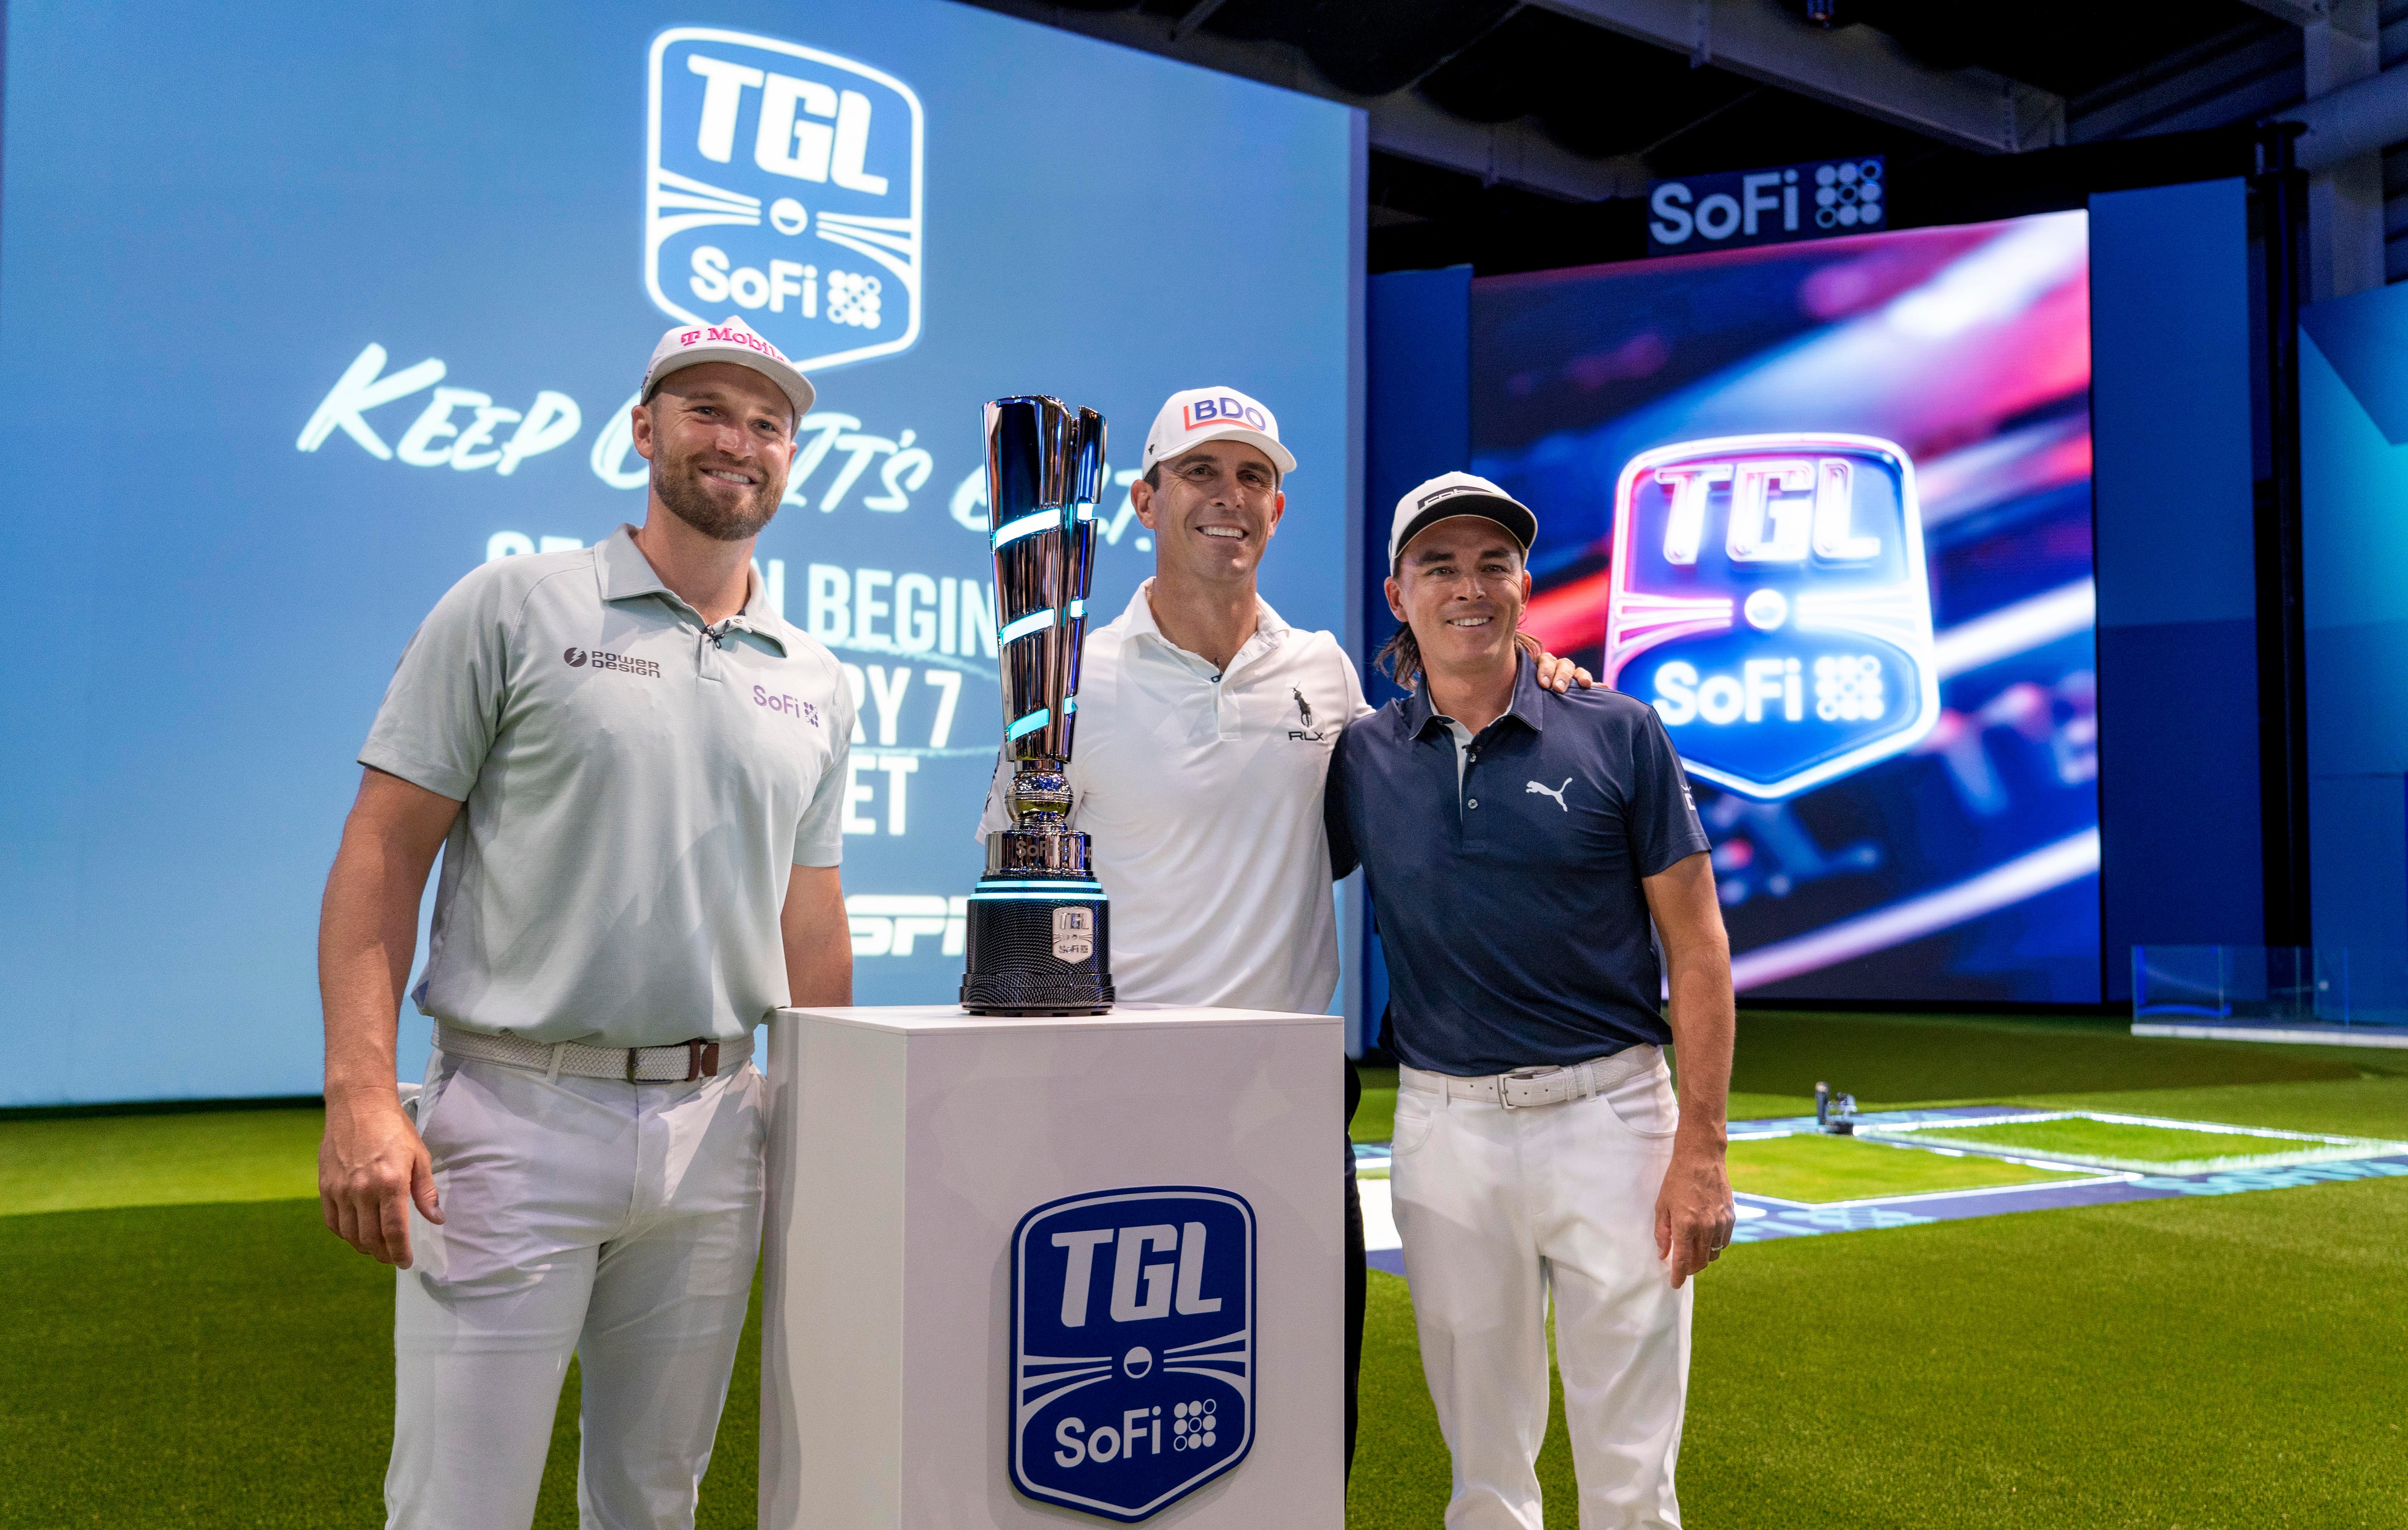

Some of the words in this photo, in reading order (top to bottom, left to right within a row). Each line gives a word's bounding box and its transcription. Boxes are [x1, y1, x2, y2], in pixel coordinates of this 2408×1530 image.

[687, 53, 889, 196] TGL
[1649, 169, 1799, 245] SoFi
[690, 245, 817, 318] SoFi
[1194, 397, 1266, 430] BDO
[1655, 457, 1881, 565] TGL
[807, 563, 998, 659] BEGIN
[753, 685, 800, 718] SoFi
[925, 669, 962, 748] 7
[1652, 658, 1802, 726] SoFi
[1288, 731, 1324, 741] RLX
[1016, 841, 1053, 857] SoFi
[1059, 912, 1089, 930] TGL
[1059, 945, 1079, 953] SoFi
[1051, 1221, 1222, 1328] TGL
[1054, 1405, 1161, 1468] SoFi

§

* _What is being asked_
Copy out each record shown above without alteration, skipping any picture.

* _Solved problem_
Some of the words in this photo, in reading order (top to bottom, left to right within a row). Each line gives a word's bounding box and its transcription. Boxes are [x1, y1, x2, y2], in pixel coordinates of this 2408×1530 image.

[687, 53, 889, 196] TGL
[1649, 169, 1799, 245] SoFi
[690, 245, 817, 318] SoFi
[1194, 397, 1266, 430] BDO
[1655, 457, 1881, 565] TGL
[807, 563, 998, 659] BEGIN
[753, 685, 800, 718] SoFi
[925, 669, 962, 748] 7
[1652, 658, 1802, 726] SoFi
[1288, 731, 1324, 741] RLX
[1016, 841, 1053, 857] SoFi
[1059, 912, 1089, 930] TGL
[1059, 945, 1079, 953] SoFi
[1051, 1221, 1222, 1328] TGL
[1054, 1405, 1161, 1468] SoFi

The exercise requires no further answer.